Accurate, representative or not, that cover is certainly eye-catching.

Comments are Closed

  1. Jaci Burton says:

    that doesn’t look like Heather.

    and yeah, what’s with the shoes?

    *clutches original book with well-loved, tattered cover*

  2. Very nice cover, but yeah…the shoes…and the bare legs…

  3. Yeah, that seems more like the cover of a book about the forbidden love of a RenFaire actress and a shoe salesman at Nordstrom’s.  She totally looks like she’s sitting in the middle of the footwear department thinking, “Yes, the color is right, but do they make my ankles look fat?  And wherever am I going to get a handbag to match?”

    My verification word is foot57.  That can’t be a coincidence, can it?

  4. Melissa says:

    What is The Scene of Much Infamy?  I haven’t read the book, and there’s no review on the site to clue me in.  (hint,  hint)  🙂

  5. Sarah S says:

    “Scene of Much Infamy”??

    Do tell!!!

  6. SB Sarah says:

    The hero rapes the heroine.
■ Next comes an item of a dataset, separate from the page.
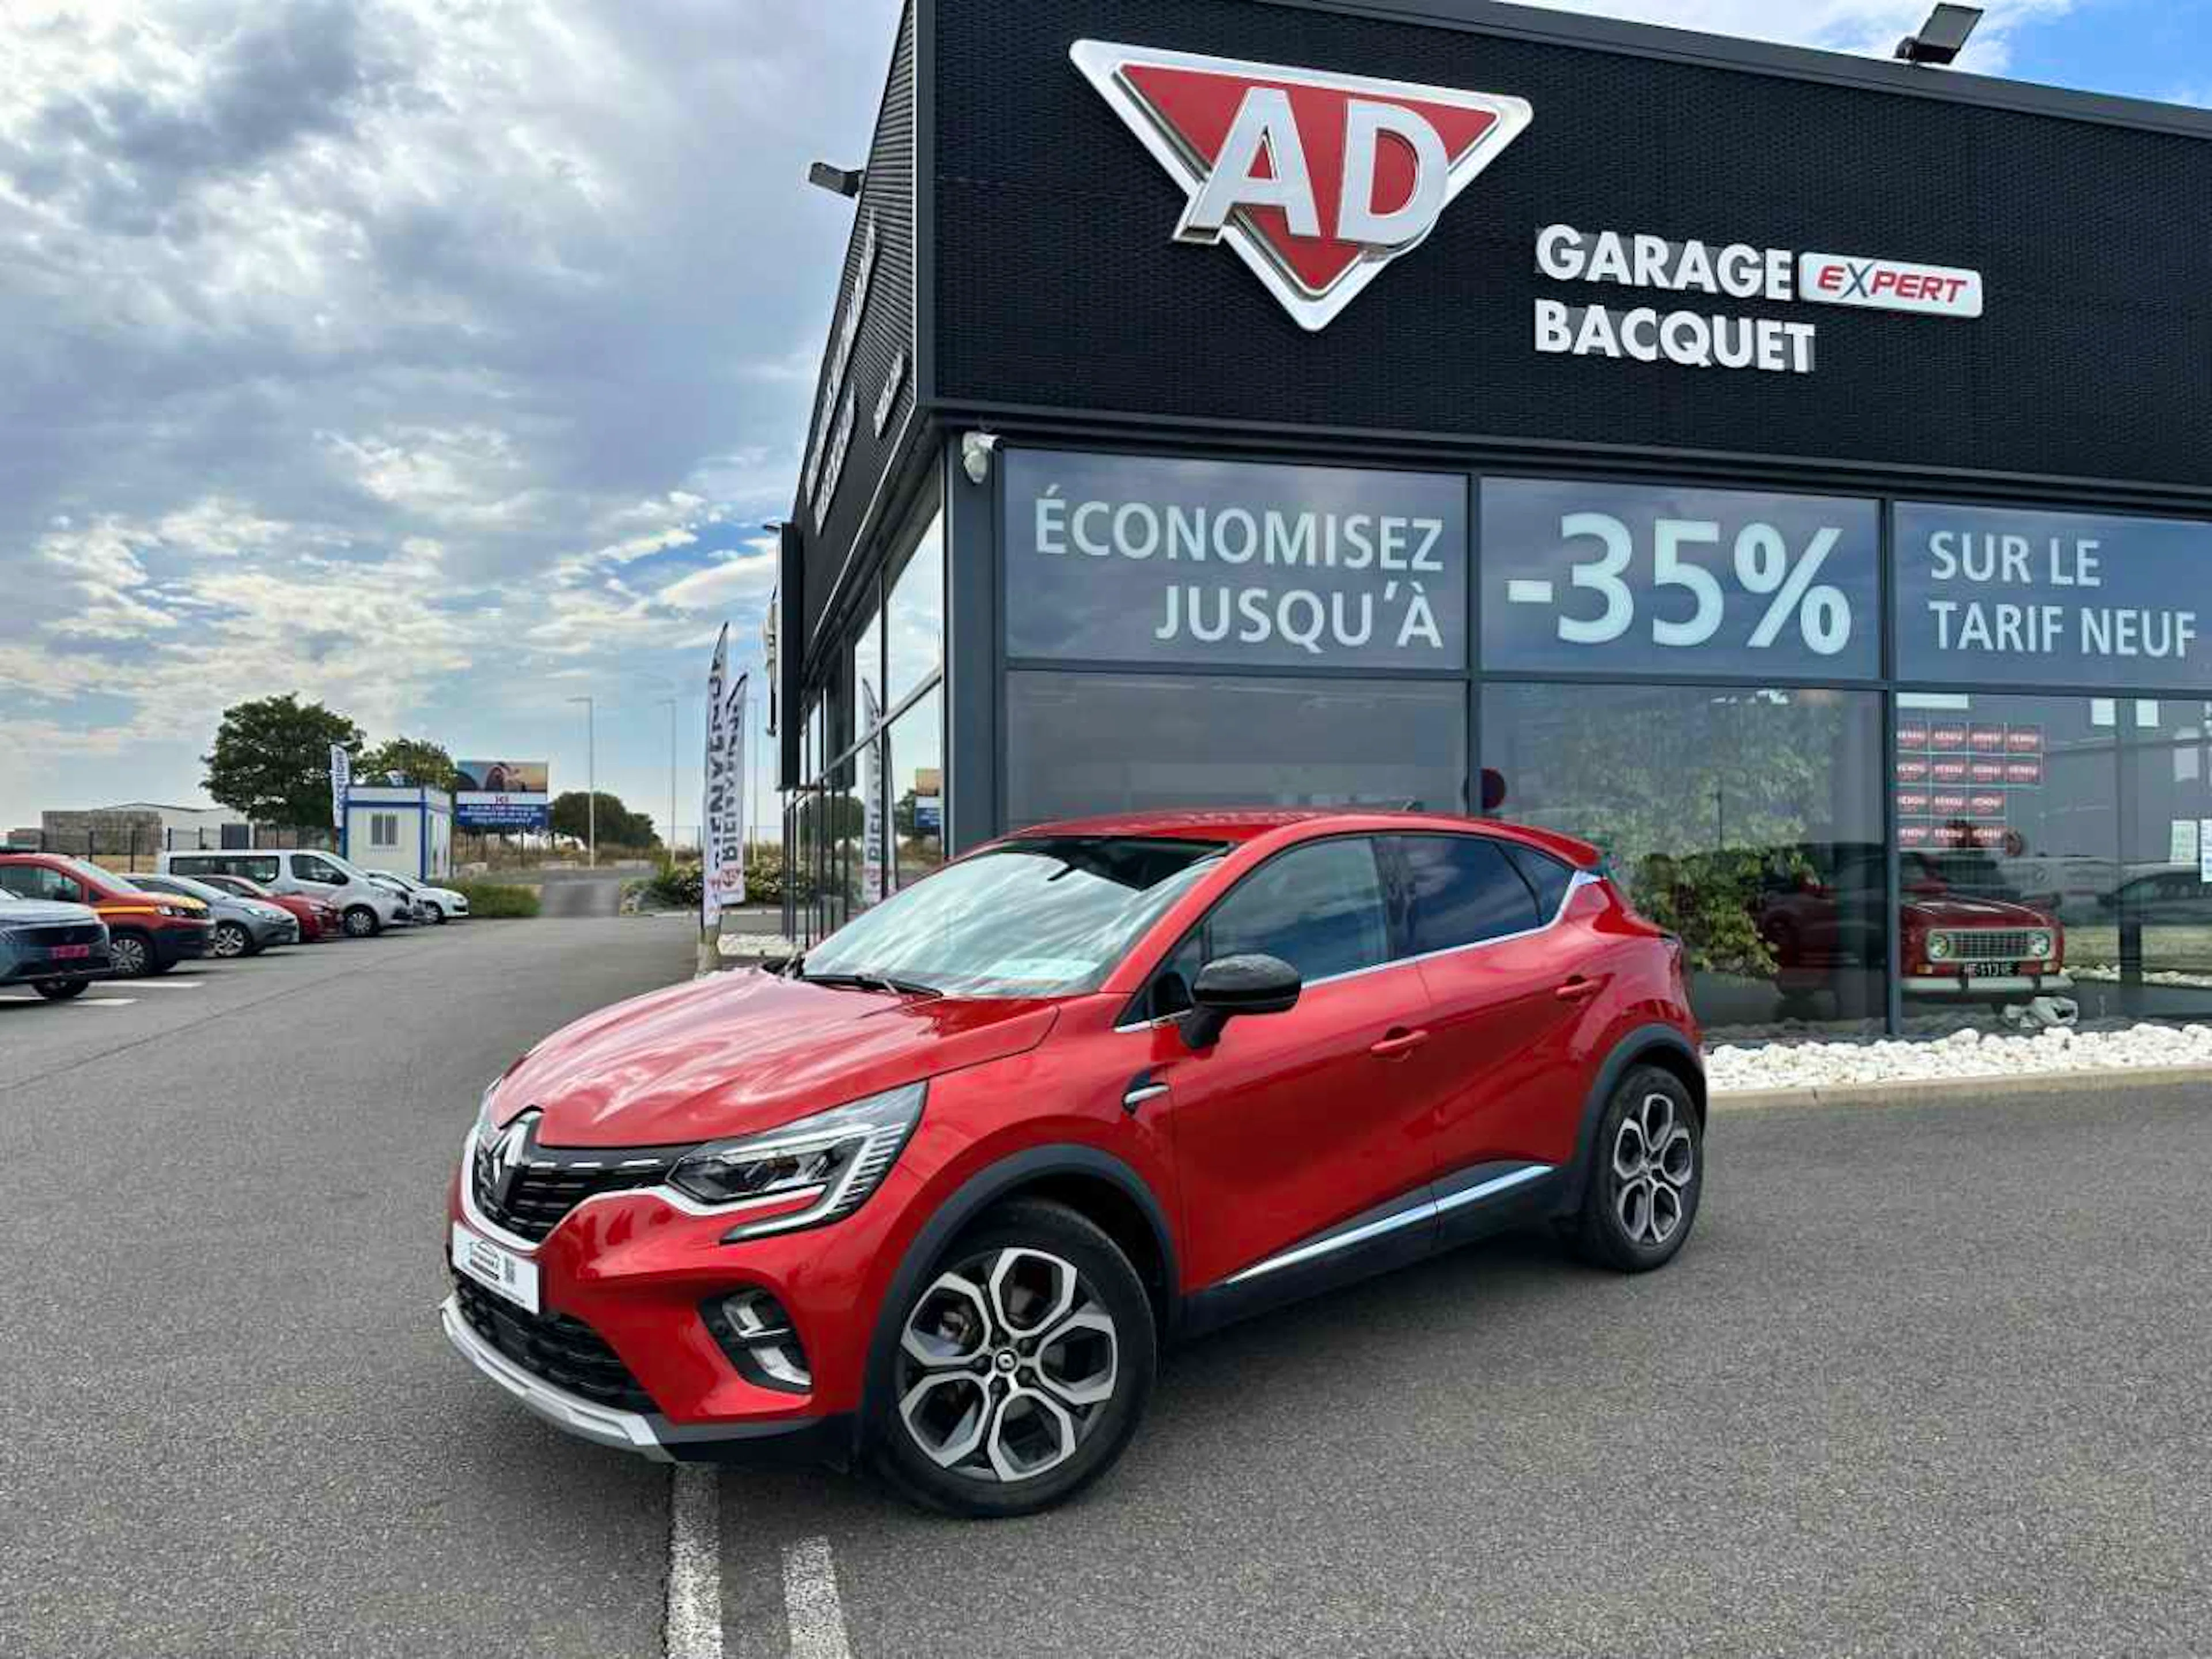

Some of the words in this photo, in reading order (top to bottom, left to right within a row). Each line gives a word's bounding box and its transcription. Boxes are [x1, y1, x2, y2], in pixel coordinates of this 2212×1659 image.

I believe multiple times – he thinks she’s a dockside prostitute and rapes her, and then asks why she didn’t barter a higher price for her virginity.

    A review that reads at warp speed but gives the general gist of the plot.

  7. Mrs Giggles says:

    For real, I actually read this book back in 2000 or so and I shocked myself by how much I adored this book, even with the rape scenes. Perhaps a review to coincide with the reissue is in order, provided that I can find that danged book somewhere in my house.

  8. Ah yes, the book that along with The Wolf and the Dove started it all.  I remember reading it when it was first released.  I was in high school and I wanted an ice blue wedding dress like Heather’s.

    Those shoes do make me want to say “WTF?” but I’ll leave the screaming about fashion anachronisms to others.

  9. Babz says:

    I showed the cover picture to my close friend, who does not read romance, and asked her when does she thinks this book is set on. Her answer? Current times.

    But this is good news nonetheless. I could never find the book anywhere here.

  10. Lorelie says:

    She looks cold.  If they’re gonna put her in modern clothes couldn’t they have done the chick a favor and made it Uggs?

    I think I’m gonna have to pick up a copy.  If only to keep up everytime it’s referenced around here.

  11. Twice, right at the start of the novel; the rest of the book is all about how they build the relationship after that, with heavy emphasis on how Heather’s inner innocence remains unaffected by her physical violation.  (She doesn’t have to “stay pure” in order to stay pure, morally, which is a big shift.) 

    The trajectory runs from those initial rape scenes up to a set of final scenes focused on her pleasure.

  12. Lorelie says:

    And I just went and read the review Sarah posted and so:  OMG *almost* 18?!?!?!  So not only does he rape her, he rapes a minor?  (Which yes, 1799, not such a distinction.  But still.  I’m now.)

  13. Toddson says:

    Well, the whole outfit is pretty anachronistic – crushed velvet? Please! Sheer stockings or bare legs?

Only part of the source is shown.